На высоких малярных козлах, под самым потолком круглого зала в особняке, где помещался угрозыск, Макар Овчинников закрашивал белой краской плафон с изображением Венеры, рождающейся из пены вод в окружении амуров с трубами. Столы сотрудников были сдвинуты к входной двери и покрыты газетами.
Витоль вошел в зал и, увидев Макара, поморщился:
— Тебе что, Макар, делать нечего?
— Я, Карл Генрихович, по поручению партячейки… Решили ликвидировать этих венер и амуров. Завтра придет Миша Рубашкин и распишет потолок революционным искусством.
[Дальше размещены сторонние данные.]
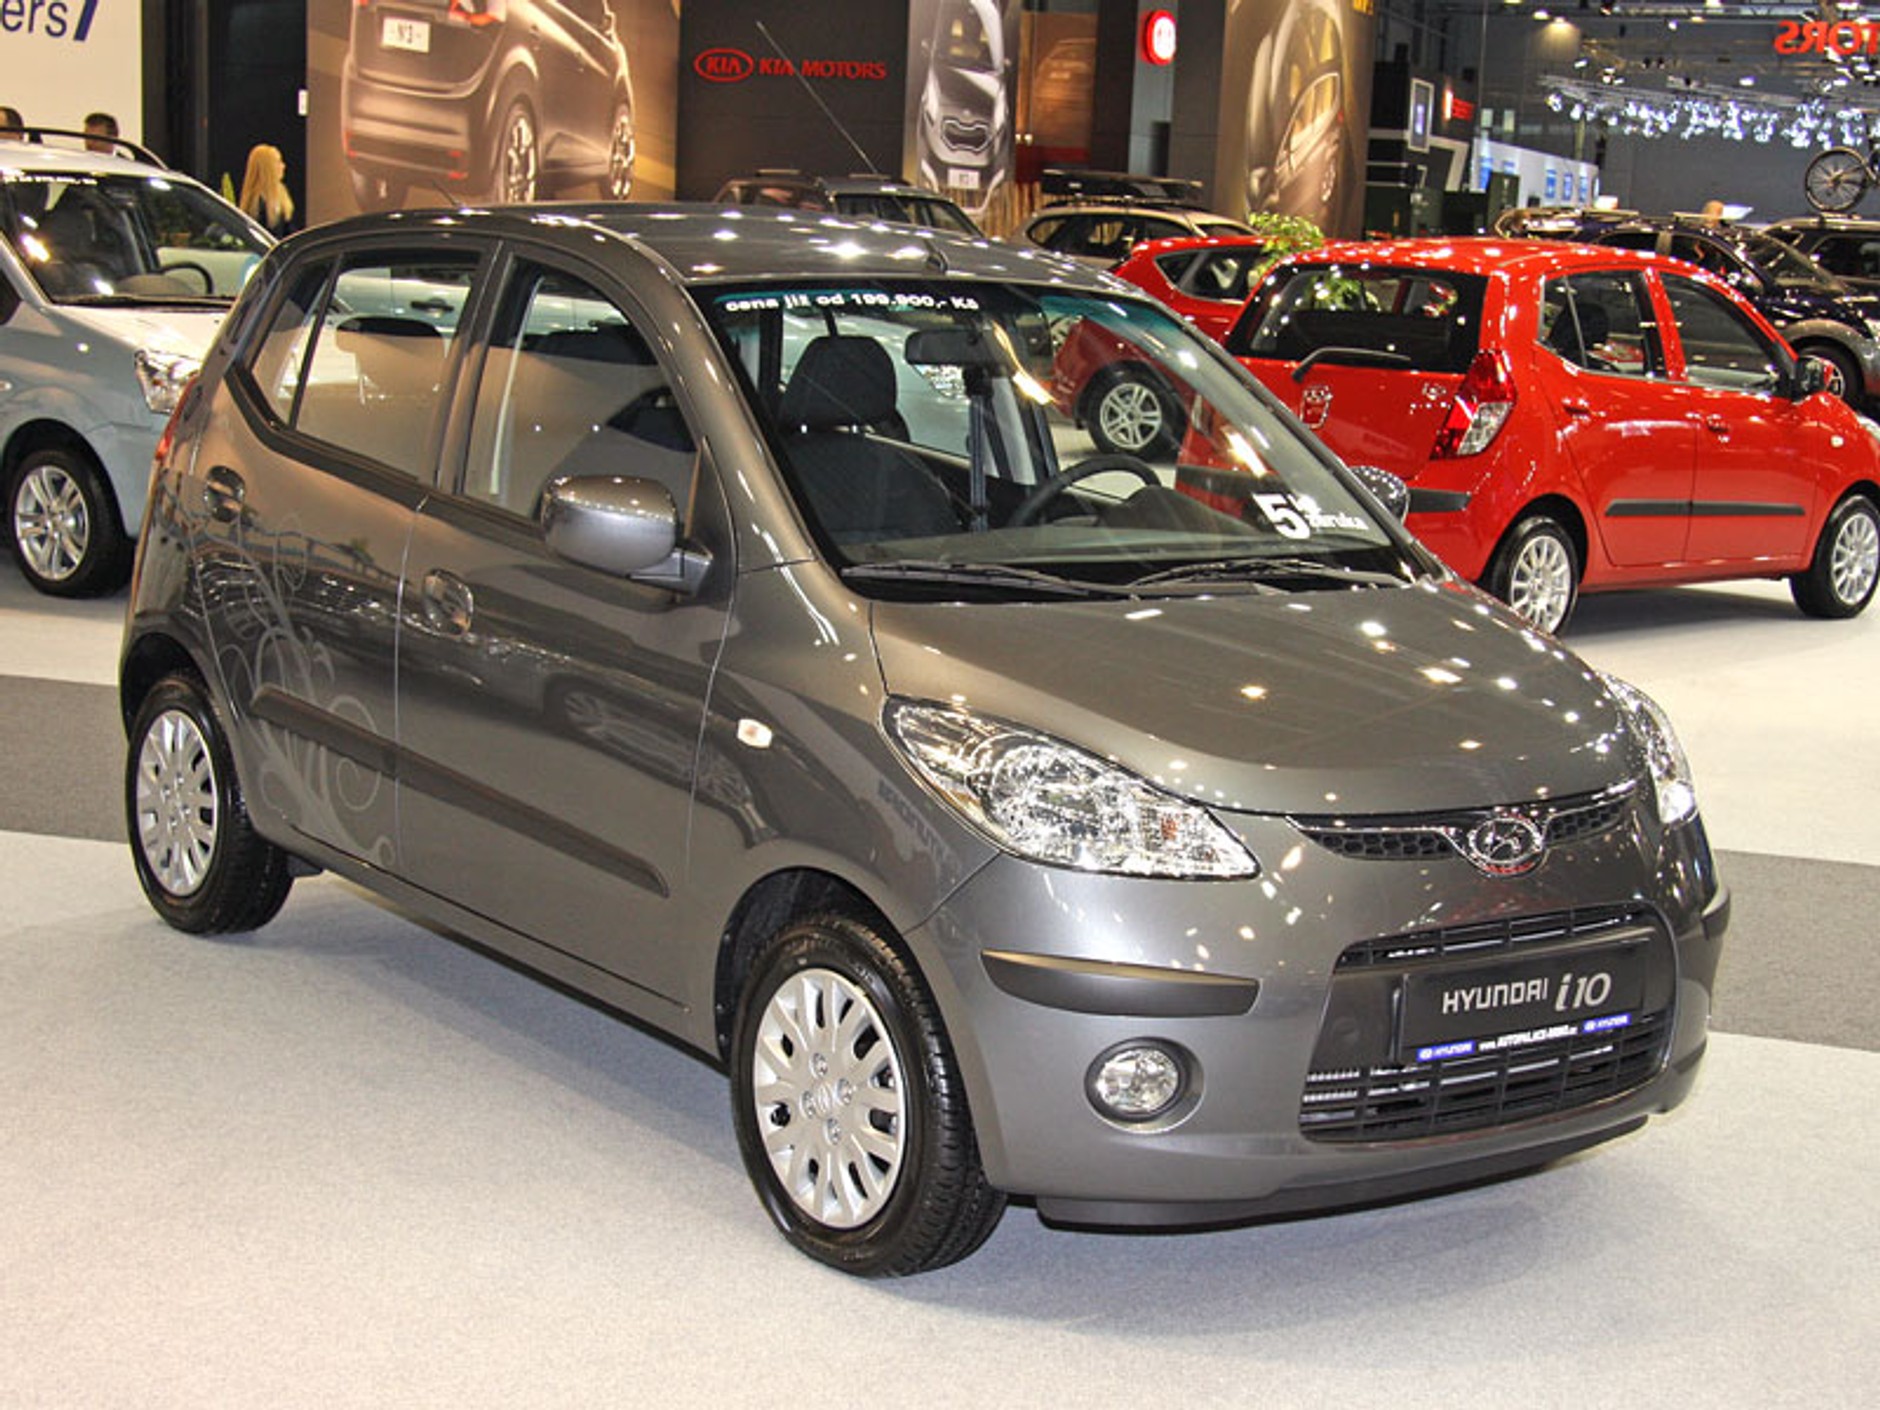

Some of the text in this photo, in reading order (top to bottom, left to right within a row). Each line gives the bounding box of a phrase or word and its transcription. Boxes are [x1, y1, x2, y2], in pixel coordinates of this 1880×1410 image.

В центре нарисует пролетария, мускулистой рукой сжимающего глотку многоголовой гидры-разрухи, а по бокам — рабоче-крестьянский орнамент в виде серпов и молотов заместо этих амуров и психеев.
— Слезай, Макар. Есть для тебя дело поважнее, тоже… по живописной части… Будешь этих амуров и психеев… разыскивать.
Он подошел к буфету и достал с полки одну из папок:
— Вот, держи. Познакомишься с делом, зайдешь.
Он направился к двери и, остановившись на пороге, сказал:
— А Рубашкину своему скажи, чтобы не приходил. Потолок уродовать запрещаю.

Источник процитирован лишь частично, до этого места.